Ambiguity in the system enabling tax evasion; new steps to plug loopholes

Hyderabad: India’s multi-tier GST was meant to be a landmark in tax transparency. Instead, years of ambiguous rate schedules and frequent slab changes have provided opportunistic businesses with loopholes for evasion.

This is costing the national exchequer thousands of crores annually. The I-Day announcement by Prime Minister Narendra Modi to simplify the tax slabs and ambiguous rate schedules effective from the Diwali this year is seen as a corrective step.

Sectors like accommodation, textiles and packaged food have exploited the fine print or manipulated product and process classifications to pay lower taxes.
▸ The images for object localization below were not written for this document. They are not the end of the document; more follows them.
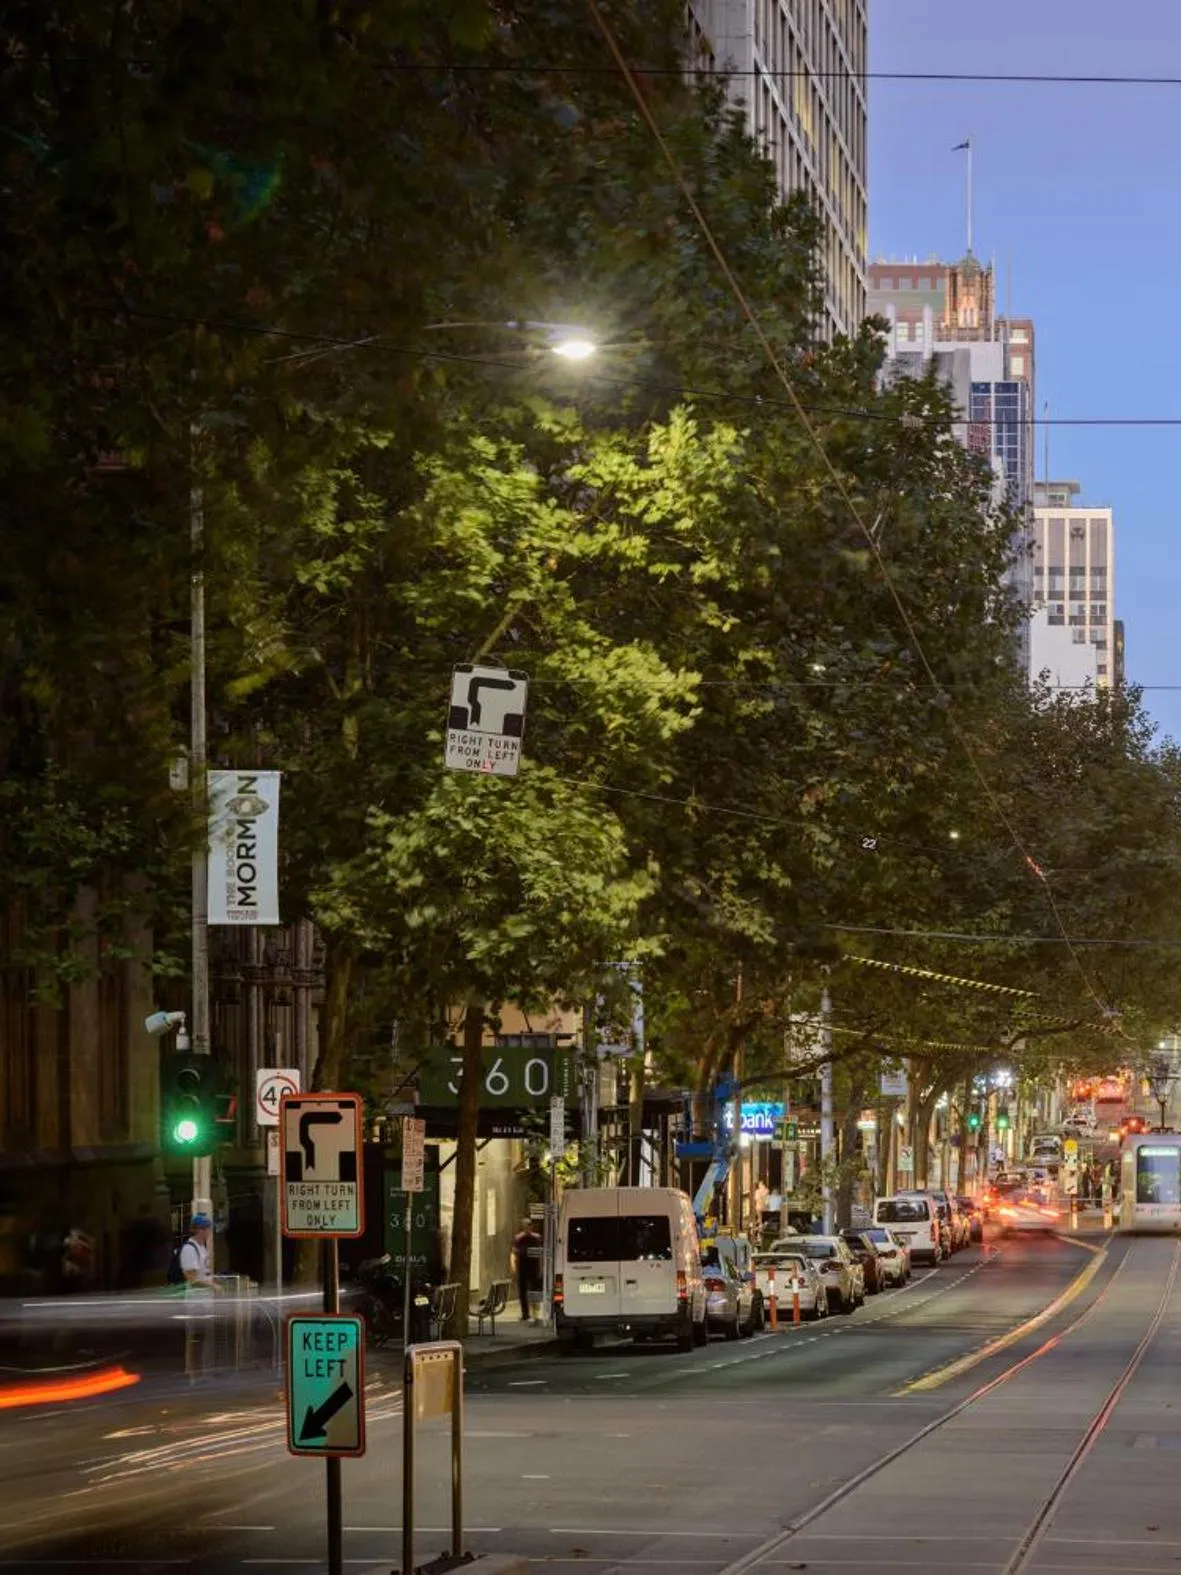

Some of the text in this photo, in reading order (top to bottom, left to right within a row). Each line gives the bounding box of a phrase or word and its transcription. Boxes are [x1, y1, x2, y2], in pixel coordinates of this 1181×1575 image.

[450, 733, 517, 751] RIGHT TURN
[450, 745, 514, 761] FROM LEFT
[466, 758, 496, 769] ONLY
[289, 1184, 353, 1196] RIGHT TURN
[292, 1200, 351, 1211] FROM LEFT
[307, 1214, 337, 1226] ONLY
[303, 1332, 348, 1352] KEEP
[305, 1358, 347, 1378] LEFT
Hotels manipulate room rates and ‘reporting’ dates to reduce GST on restaurant services.

Rice traders dodge taxes by tweaking branding or bag weights. Misclassification in textile processing—claiming transformative services as ‘job work’—lets manufacturers pay only 5 per cent instead of the mandated 18 per cent. The confusion extends to credit notes, where double input tax credit claims result in government losses.

This tangled web of rules and ambiguous definitions have become a "gift for tax dodgers."
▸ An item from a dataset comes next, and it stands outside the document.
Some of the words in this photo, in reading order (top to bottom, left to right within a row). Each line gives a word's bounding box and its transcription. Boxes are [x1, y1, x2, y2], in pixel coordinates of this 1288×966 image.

Taxation experts quote a recent policy report to say, “Multiple rates and unclear definitions create room for revenue leakage and litigation.” Responding to mounting pressure, the central government is preparing to scrap the multi-slab system for a two-rate regime — 5 per cent for essentials and 18 per cent for everything else.

The reform promises to close loopholes, reduce disputes and streamline compliance, officials claim.

An Assistant GST Commissioner told Deccan Chronicle that the new system would reduce tax evasion, boost government revenue and make GST both fair and future-ready. Over 90 per cent of items fall under the proposed simplified 5 per cent slab, and the rest in the 18 per cent slab, as against the current multiple slab rates.

The changed system would hopefully put an end to the ambiguity in tax schedules, which so far affected a few sectors based on the service.

Ravi Kumar, a tax consultant from Hyderabad, said many items like mobile phones and air conditioners, once considered luxury goods, have become essential and are now widely used by the middle and lower classes. “There is no purpose in imposing higher slabs on such goods, as traders and consumers find smart ways to ‘zero’ the tax. No one would hesitate to pay tax if these goods were brought under lower slabs.”

The real estate and construction sectors would also benefit since cement and steel currently attract higher tax slabs, he felt.

Another tax consultant, Polishetty Laxman, shared similar views, saying the simplification of tax slabs and removal of ambiguity in tax schedules would drastically cut down zero-rated sales and help increase revenue by bringing more transparency to the system.

As India gears up for this new shift, businesses, taxpayers and policymakers hope that would ensure clarity—and stronger tax collections.